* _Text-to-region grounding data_
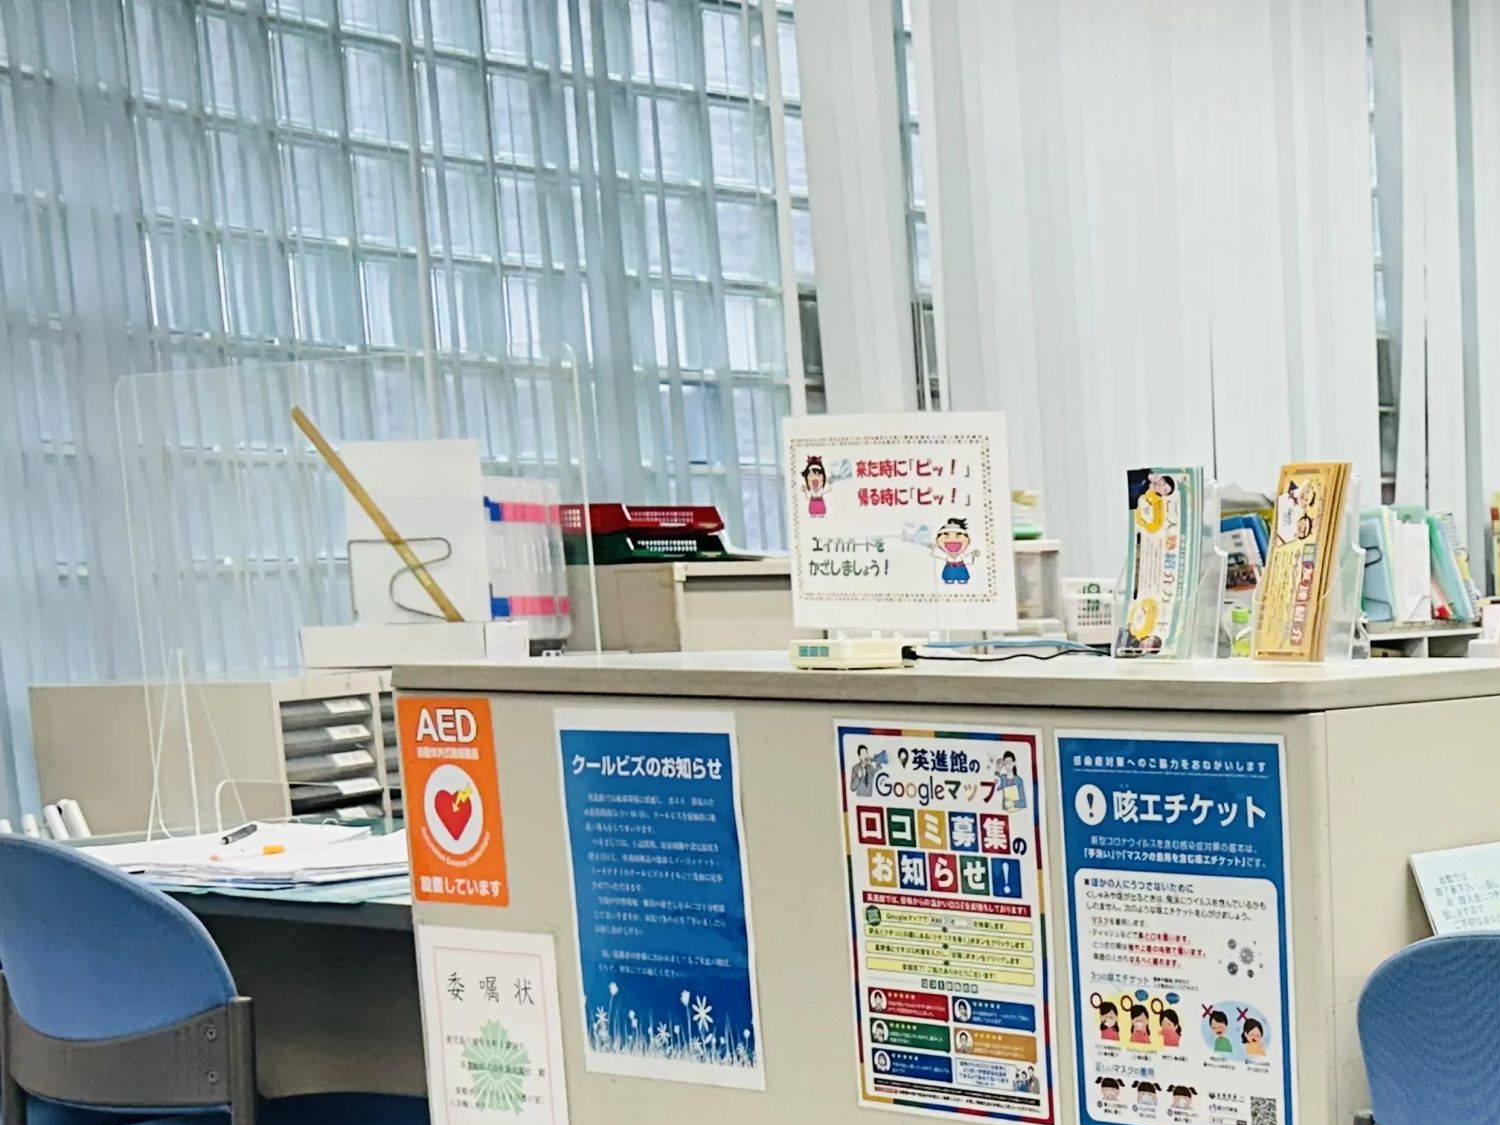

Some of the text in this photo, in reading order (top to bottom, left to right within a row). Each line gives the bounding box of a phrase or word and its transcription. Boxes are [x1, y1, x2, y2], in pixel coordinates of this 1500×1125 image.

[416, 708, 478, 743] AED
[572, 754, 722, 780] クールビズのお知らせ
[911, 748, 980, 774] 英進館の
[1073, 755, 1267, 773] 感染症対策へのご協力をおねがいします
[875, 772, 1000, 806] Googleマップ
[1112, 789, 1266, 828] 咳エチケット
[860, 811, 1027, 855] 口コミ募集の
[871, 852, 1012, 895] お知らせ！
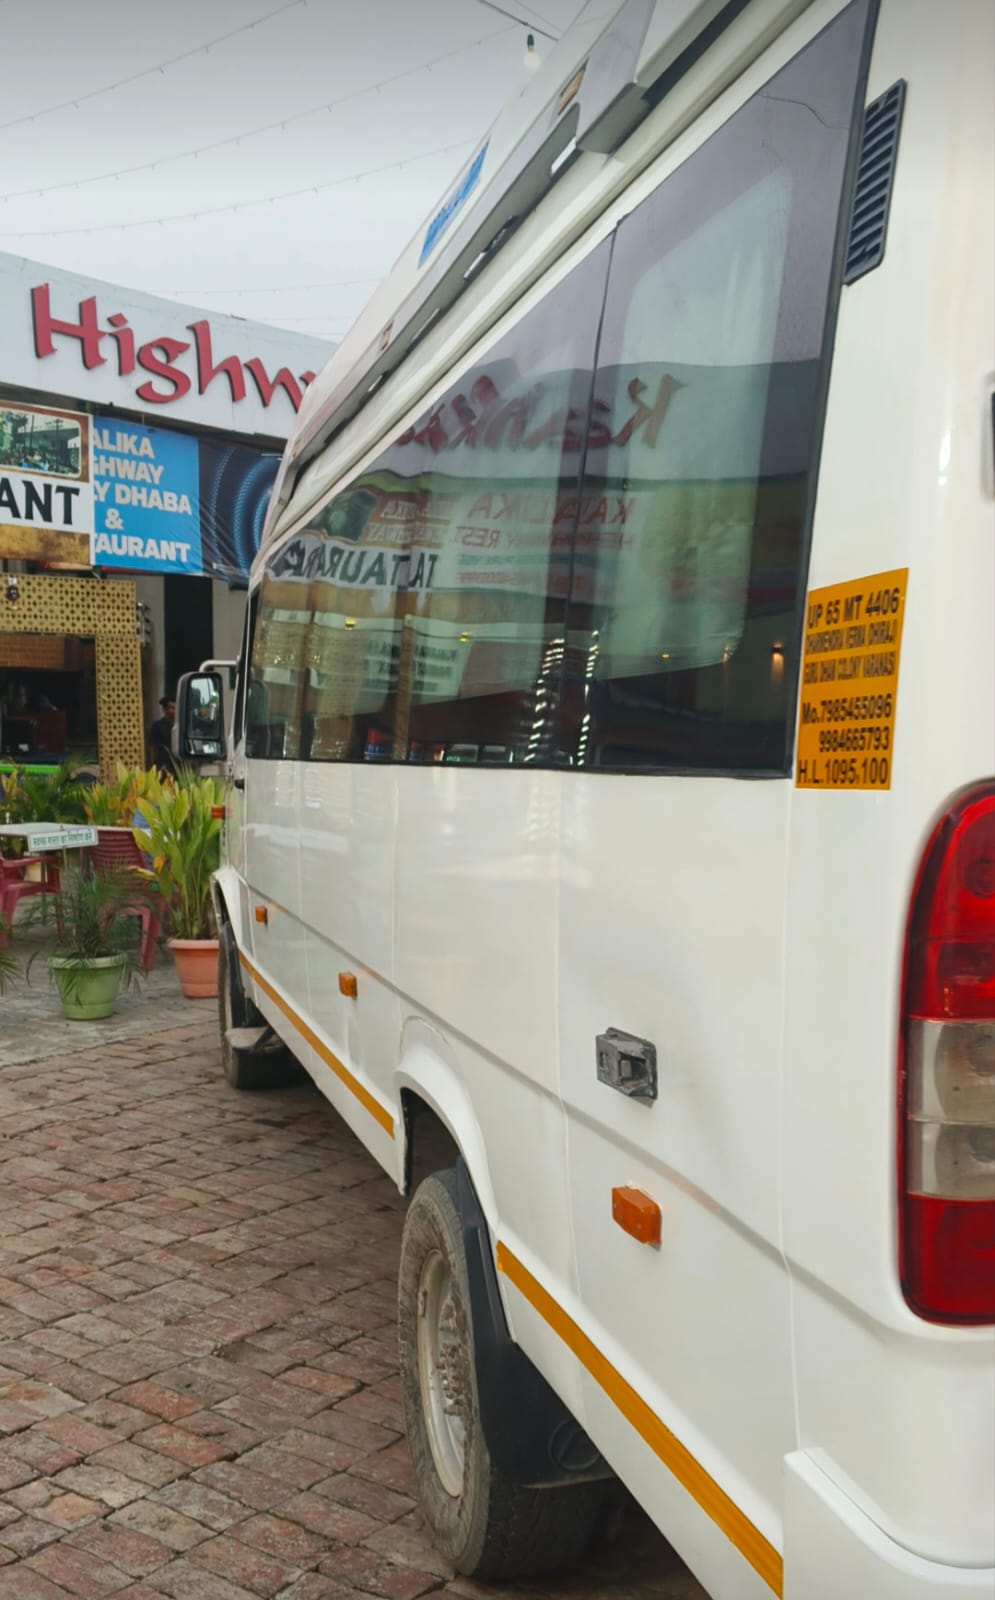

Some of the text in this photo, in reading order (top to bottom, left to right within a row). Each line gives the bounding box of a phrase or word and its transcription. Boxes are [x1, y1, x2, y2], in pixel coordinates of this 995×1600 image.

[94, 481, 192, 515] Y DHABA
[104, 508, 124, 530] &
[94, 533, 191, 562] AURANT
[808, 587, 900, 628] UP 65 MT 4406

* _TASK_
Reproduce all of the entries exactly as they appear, though any picture they include must be omitted.

* _RESPONSE TO THIS EXERCISE_
Some of the text in this photo, in reading order (top to bottom, left to right within a row). Each line gives the bounding box of a phrase or word and its transcription. Boxes are [x1, y1, x2, y2], in pixel coordinates of this 1500×1125 image.

[416, 708, 478, 743] AED
[572, 754, 722, 780] クールビズのお知らせ
[911, 748, 980, 774] 英進館の
[1073, 755, 1267, 773] 感染症対策へのご協力をおねがいします
[875, 772, 1000, 806] Googleマップ
[1112, 789, 1266, 828] 咳エチケット
[860, 811, 1027, 855] 口コミ募集の
[871, 852, 1012, 895] お知らせ！

Some of the text in this photo, in reading order (top to bottom, left to right within a row). Each line gives the bounding box of a phrase or word and its transcription. Boxes are [x1, y1, x2, y2], in pixel coordinates of this 995×1600 image.

[94, 481, 192, 515] Y DHABA
[104, 508, 124, 530] &
[94, 533, 191, 562] AURANT
[808, 587, 900, 628] UP 65 MT 4406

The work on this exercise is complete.